## ASSIGNMENT
Please give all of the data again, character for character, and drop the pictures.

==== EXERCISE DATA

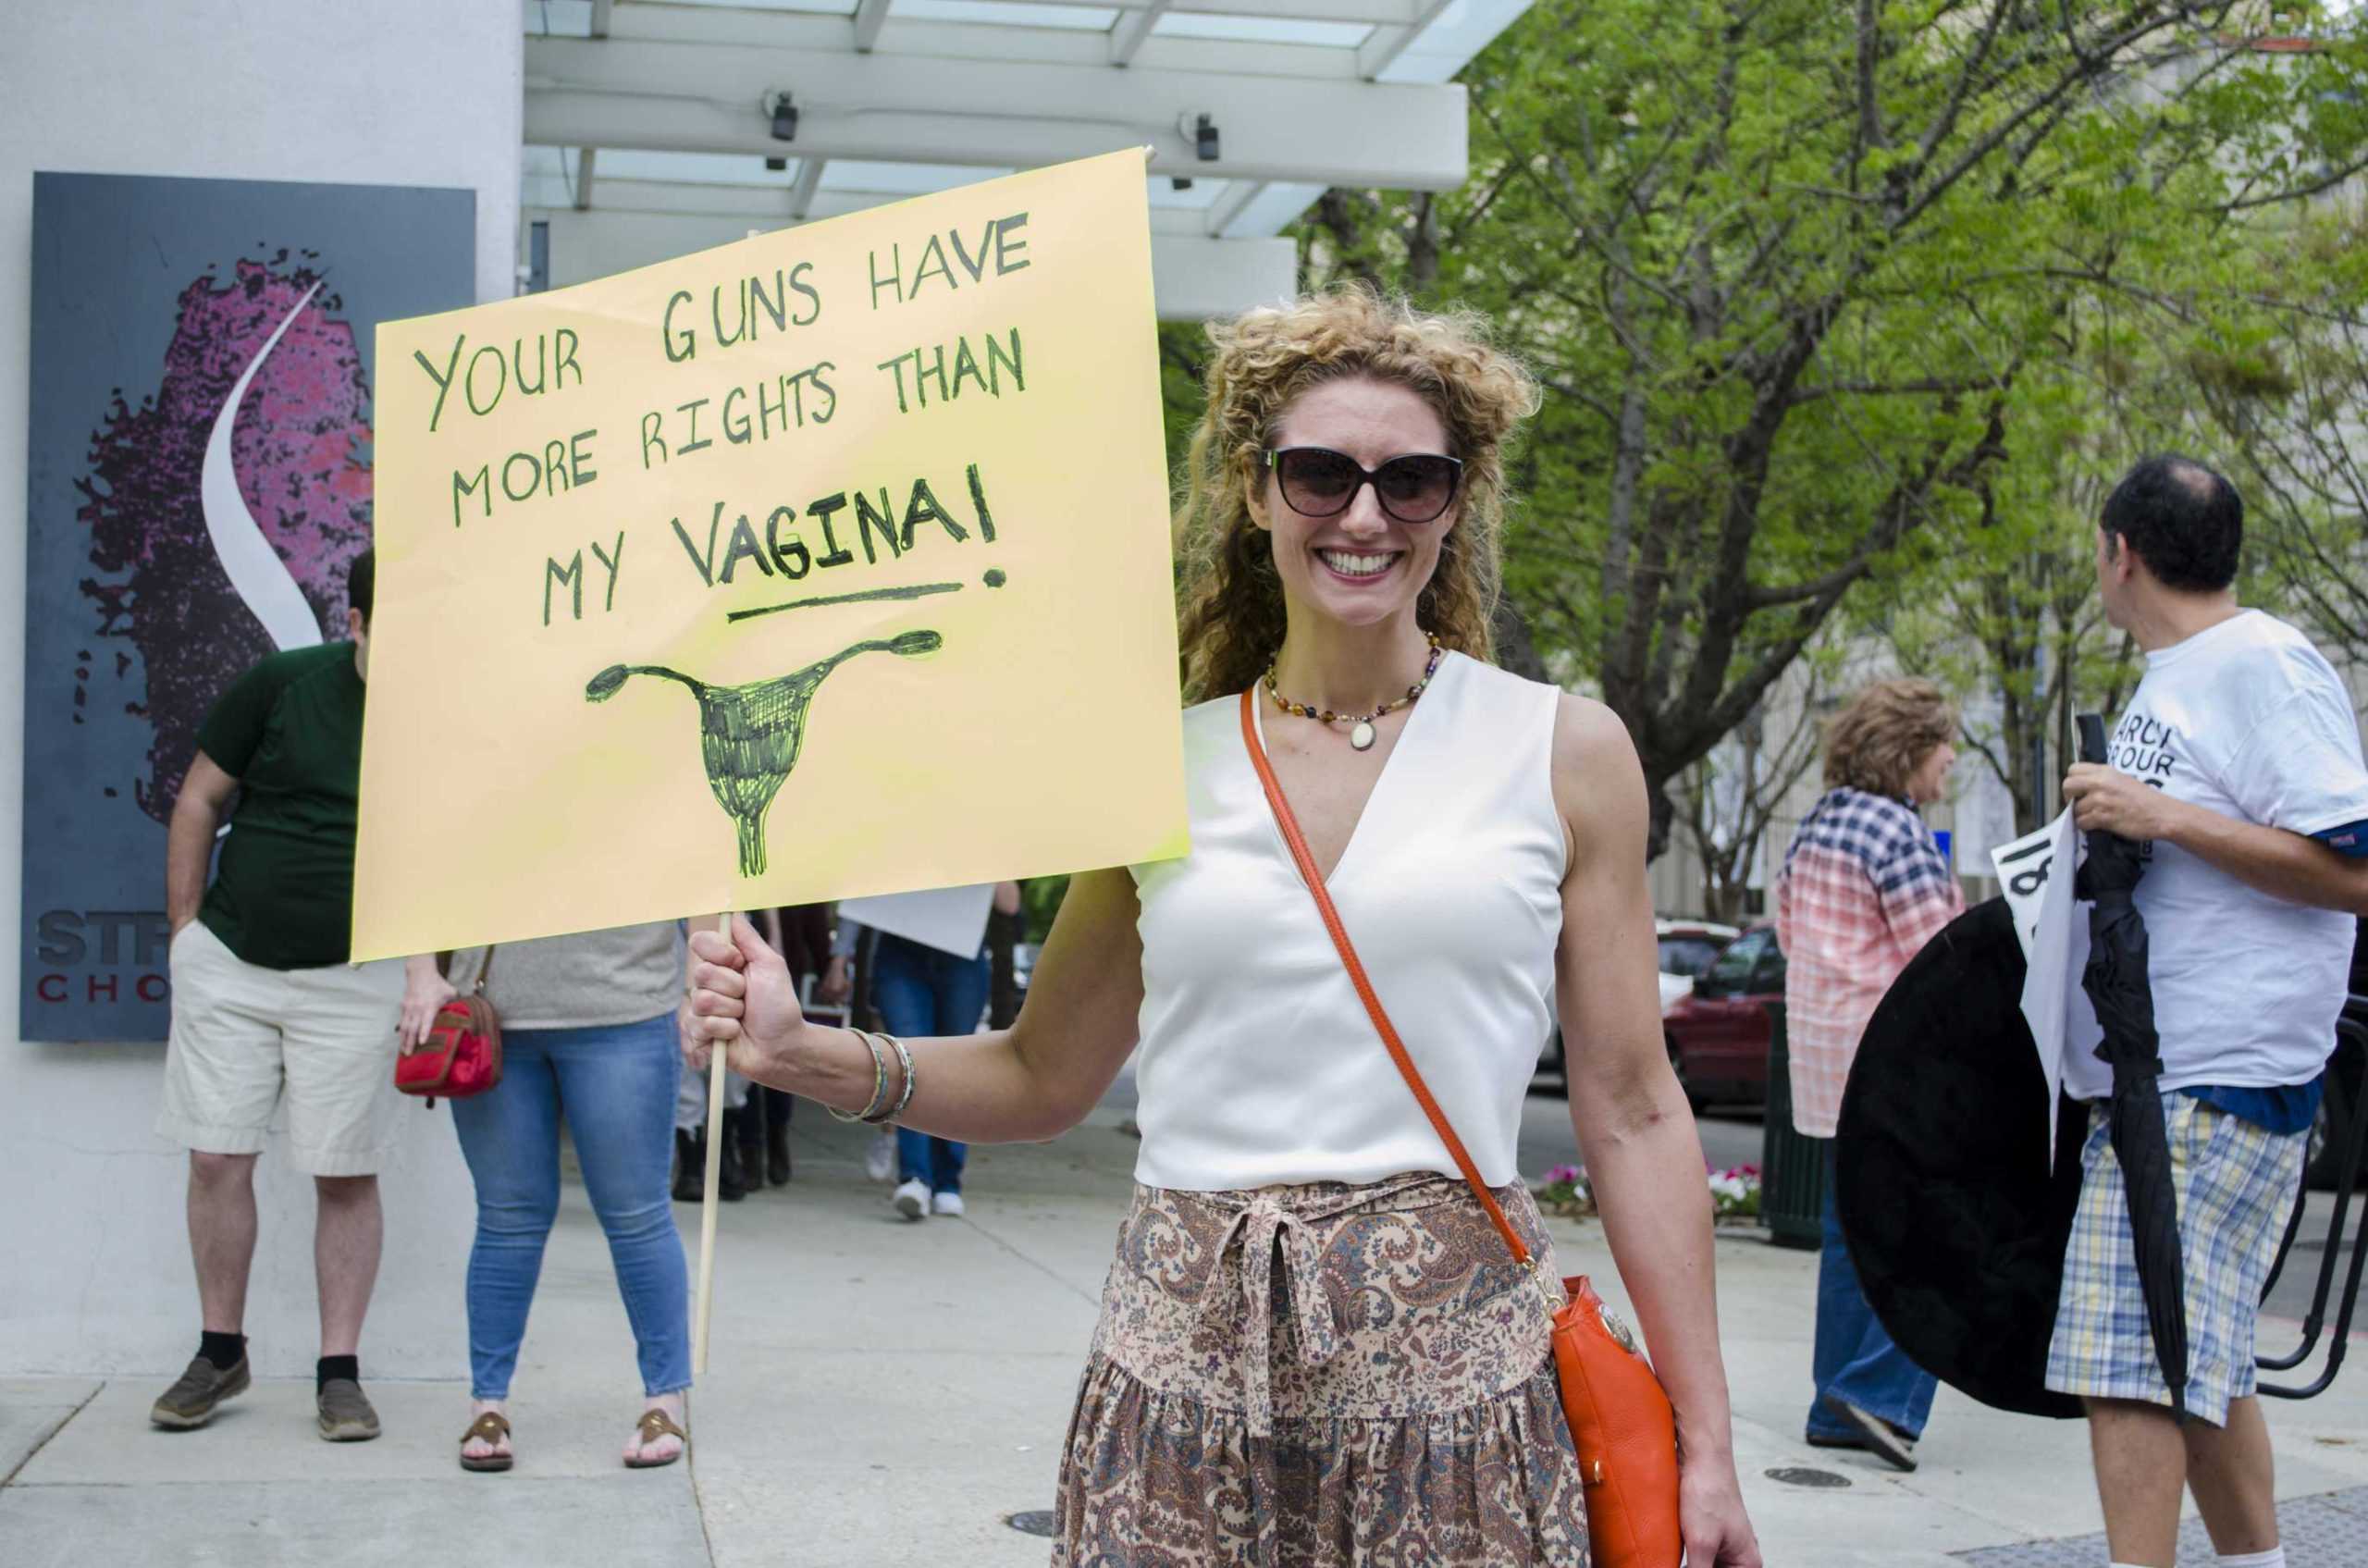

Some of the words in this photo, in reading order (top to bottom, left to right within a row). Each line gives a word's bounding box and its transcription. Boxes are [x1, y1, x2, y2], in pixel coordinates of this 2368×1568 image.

[414, 329, 581, 432] YOUR
[663, 263, 820, 363] GUNS
[870, 213, 1030, 309] HAVE
[453, 429, 597, 527] MORE
[643, 362, 835, 469] RIGHTS
[878, 327, 1025, 414] THAN
[544, 531, 623, 626] MY
[672, 465, 1006, 587] VAGINA!
[2120, 747, 2175, 776] OUR
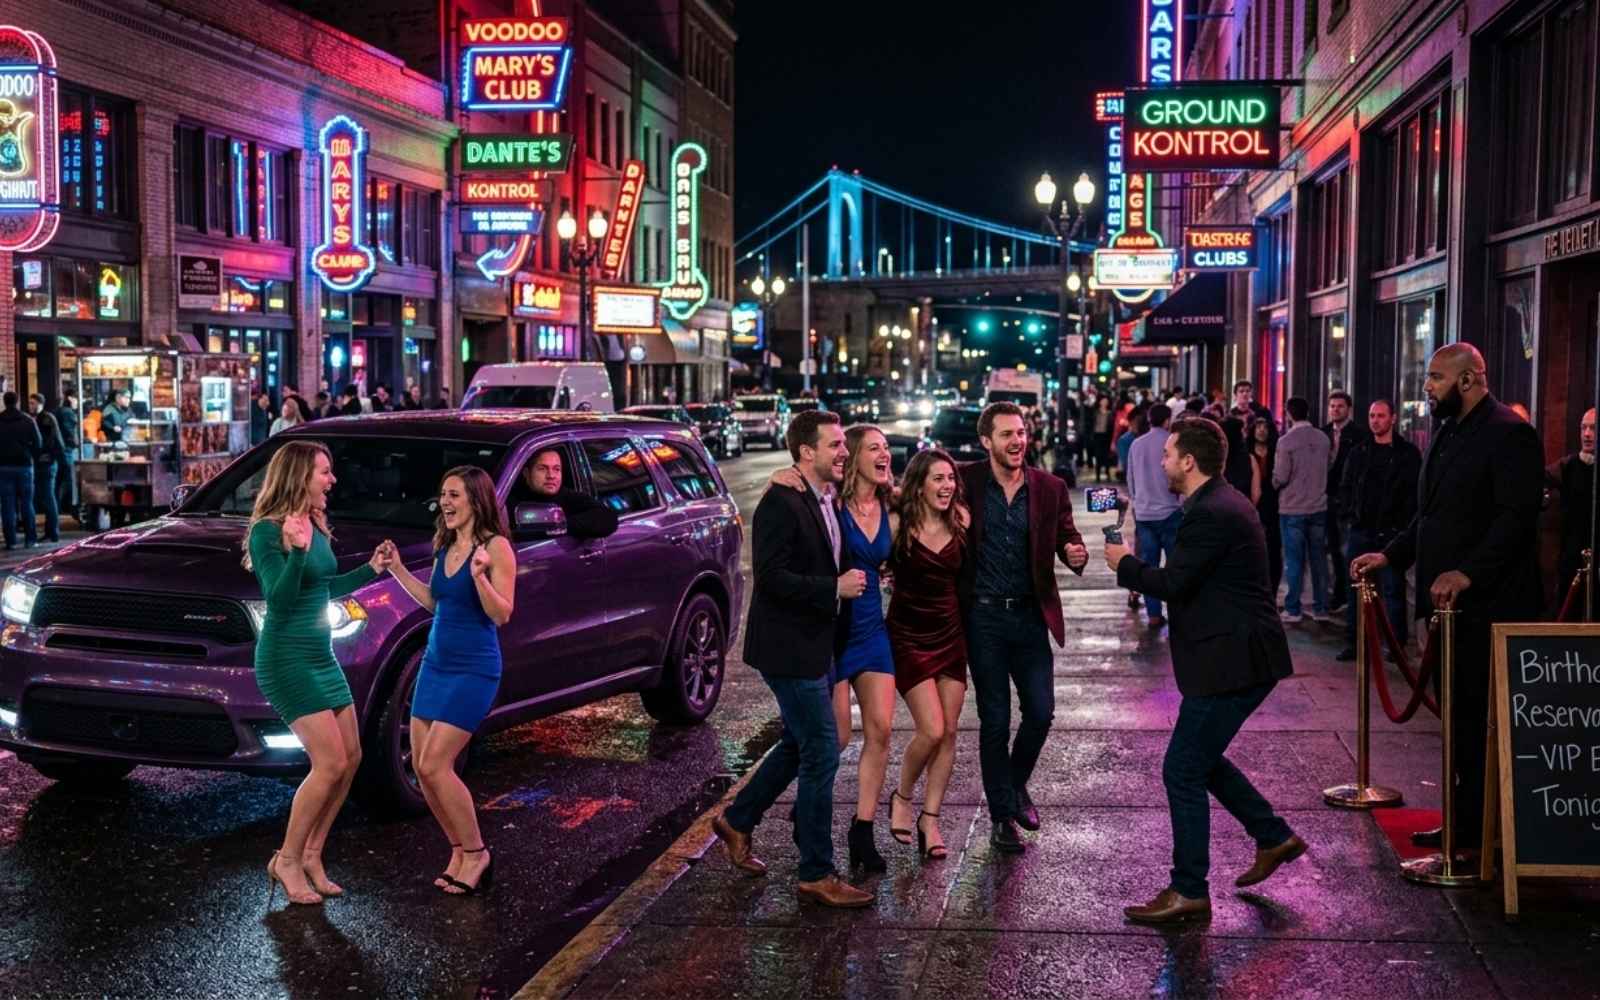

========

## YOUR RESPONSE
Some of the words in this photo, in reading order (top to bottom, left to right within a row). Each line gives a word's bounding box and its transcription. Boxes are [x1, y1, x2, y2], in pixel coordinates of this 2368×1568 image.

[414, 329, 581, 432] YOUR
[663, 263, 820, 363] GUNS
[870, 213, 1030, 309] HAVE
[453, 429, 597, 527] MORE
[643, 362, 835, 469] RIGHTS
[878, 327, 1025, 414] THAN
[544, 531, 623, 626] MY
[672, 465, 1006, 587] VAGINA!
[2120, 747, 2175, 776] OUR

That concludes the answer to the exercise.